L'informazione parziale: Obama e Il Foglio
di LORENZO ROMANI - pubblicato il 28/07/2011 in POLITICHE & CONGIUNTURAIl Foglio del 27 luglio presenta, in prima pagina, un riquadro in cui viene trascritto un intervento di Barack Obama al Senato, risalente al 2006.
In quella circostanza l'attuale Presidente degli Stati Uniti si dichiarò contrario ad innalzare il tetto del debito, e votò contro il provvedimento richiesto dai Repubblicani, necessario a finanziare la spesa pubblica.
Questa la dichiarazione: "Il fatto che ci ritroviamo qui, oggi, per discutere dell'innalzamento del limite debitorio dell'America, è un segno di fallimento della leadership. È segno che il Governo degli Stati Uniti non può pagare i conti. È un segno che noi ora dipendiamo dalla continua assistenza di paesi esteri, per finanziare le imprudenti politiche fiscali del nostro Governo...Aumentare il debito dell'America ci indebolisce internamente e internazionalmente...Washington sta spostando il peso delle cattive scelte di oggi sulla schiena dei nostri figli e nipoti".
Facile dire quanto l'aver ripescato questo intervento faccia oggi comodo a chi, senza avere il minimo riguardo per la correttezza dell'informazione, gongola nel poter additare l'incongruenza di un Presidente che da senatore diceva una cosa, e da Presidente ne chiede un'altra.
Ma come spesso accade (Il Foglio non è certo la pecora nera) i media confrontano le mele con le pere con il risultato di produrre un’informazione che non informa.
Veniamo ai fatti. È vero, Obama votò No all'innalzamento del tetto del debito nel 2006, ed è altrettanto vero che oggi ne richiede l'aumento, ma il contesto è completamente diverso. In primo luogo, nel 2006 il Senato era a maggioranza repubblicana, e alla Casa Bianca sedeva un repubblicano, George W. Bush, che aveva appesantito notevolmente i bilanci statali con sgravi fiscali (anche a beneficio dei ricchissimi) e missioni di guerra. La Grande Recessione era di là da venire, e l'economia era ancora dinamica: la bolla immobiliare non era ancora scoppiata, la disoccupazione si attestava intorno al 4%, rispetto al 9,2% attuale. Aspetto, questo, tutt'altro che marginale: manovre di tagli alla spesa possono essere ben assorbite da un'economia in cui il settore privato crea nuova occupazione, mentre allo stato attuale i tagli richiesti a gran voce dai conservatori rischiano di far recedere ulteriormente il tasso di occupazione e la crescita del Pil americano.

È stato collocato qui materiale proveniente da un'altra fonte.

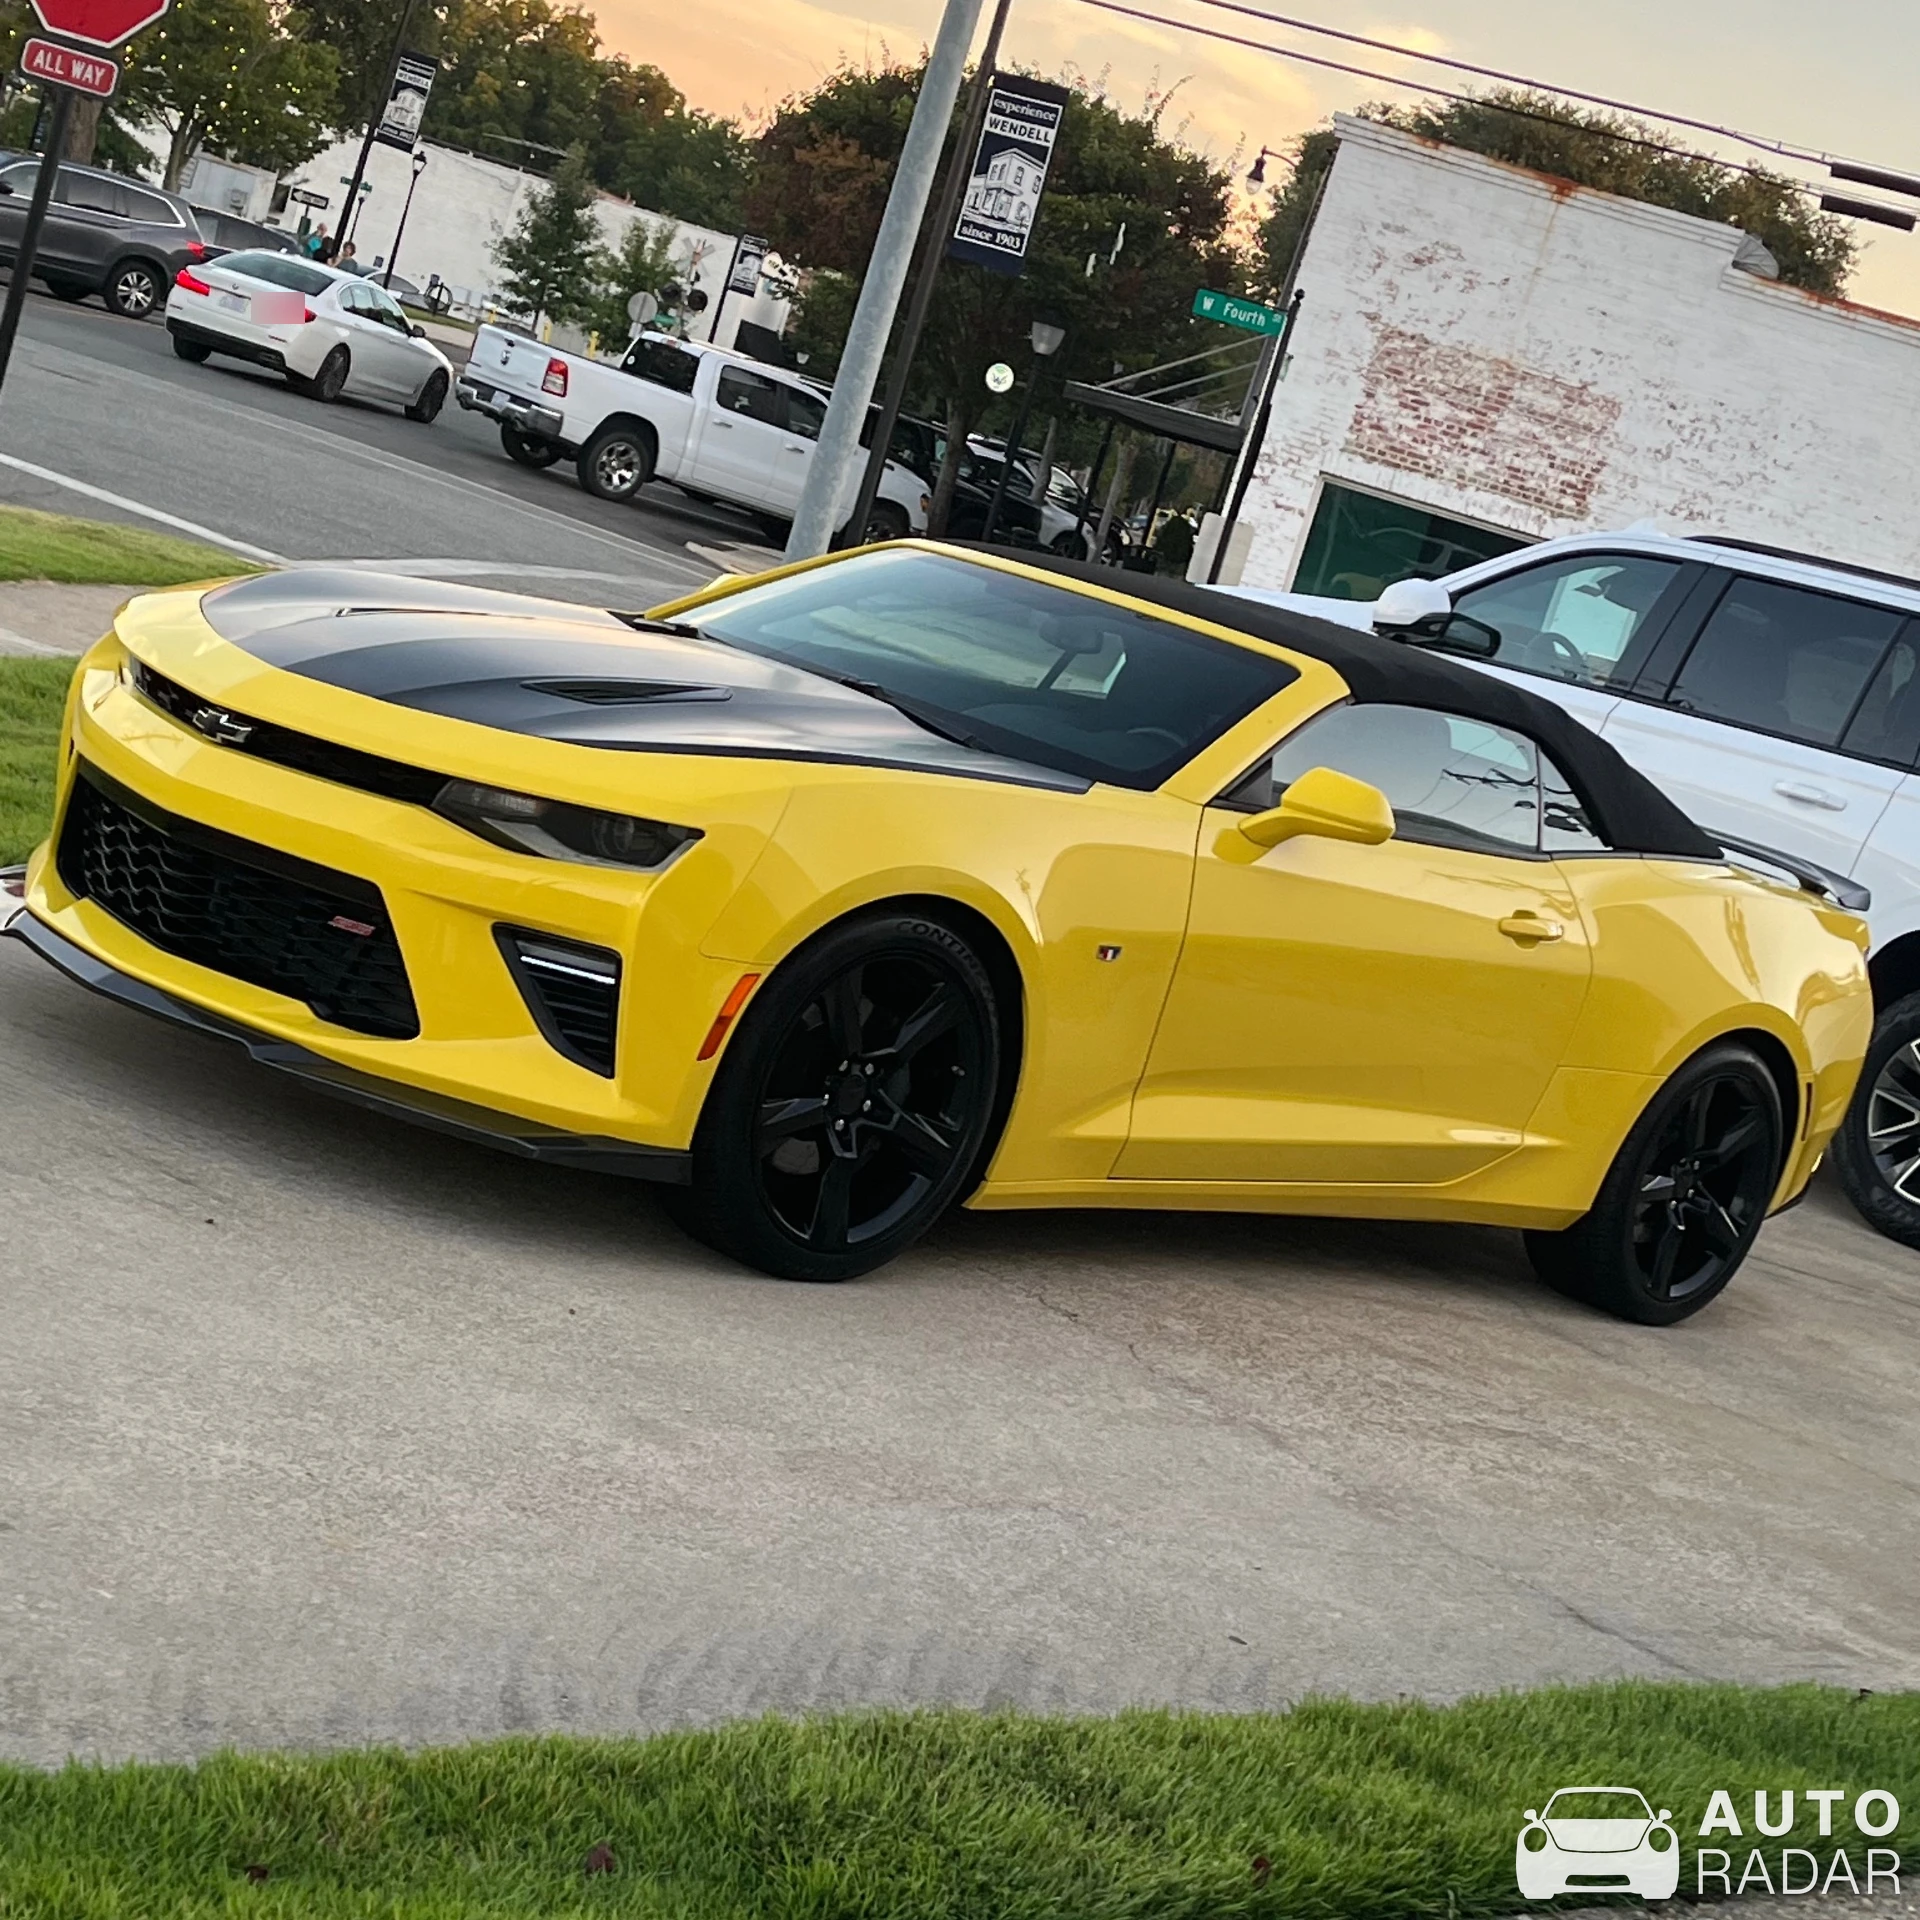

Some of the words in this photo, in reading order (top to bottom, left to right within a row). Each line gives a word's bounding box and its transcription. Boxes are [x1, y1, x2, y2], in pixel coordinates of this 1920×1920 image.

La dichiarazione di Obama, scaturiva soprattutto dalla critica alla crescita della spesa militare (“le cattive scelte di oggi”). E oggi non è un singolo senatore o un gruppo ristretto di parlamentari a rappresentare una voce fuori dal coro; è bensì un'intera maggioranza che ricatta la presidenza, facendo leva sullo spettro del fallimento per ottenere nel brevissimo termine lo smantellamento della riforma sanitaria, del welfare, perché si oppone a qualsiasi pur minimo sacrificio per le elite finanziarie e le classi più ricche del paese.
A partire dal 1962, il tetto del debito è stato rivisto verso l'alto per ben 72 volte, a dimostrazione del fatto che storicamente tale evenienza sia sempre stata considerata un atto amministrativo più che politico.

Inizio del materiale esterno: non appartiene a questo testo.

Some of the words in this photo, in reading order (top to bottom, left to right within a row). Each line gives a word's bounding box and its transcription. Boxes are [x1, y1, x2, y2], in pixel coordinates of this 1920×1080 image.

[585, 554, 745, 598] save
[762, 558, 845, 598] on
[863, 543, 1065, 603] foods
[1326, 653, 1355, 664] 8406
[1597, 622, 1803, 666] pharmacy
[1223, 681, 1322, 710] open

Il Foglio non ha minimamente contestualizzato e spiegato al lettore l'origine e la circostanza della dichiarazione del 2006. La citazione delle sole parole di Obama, collocata in prima pagina, è una trappola per i lettori a cadere nel solito e facile qualunquismo del "sono tutti uguali", "predicano bene e razzolano male", e via seguitando.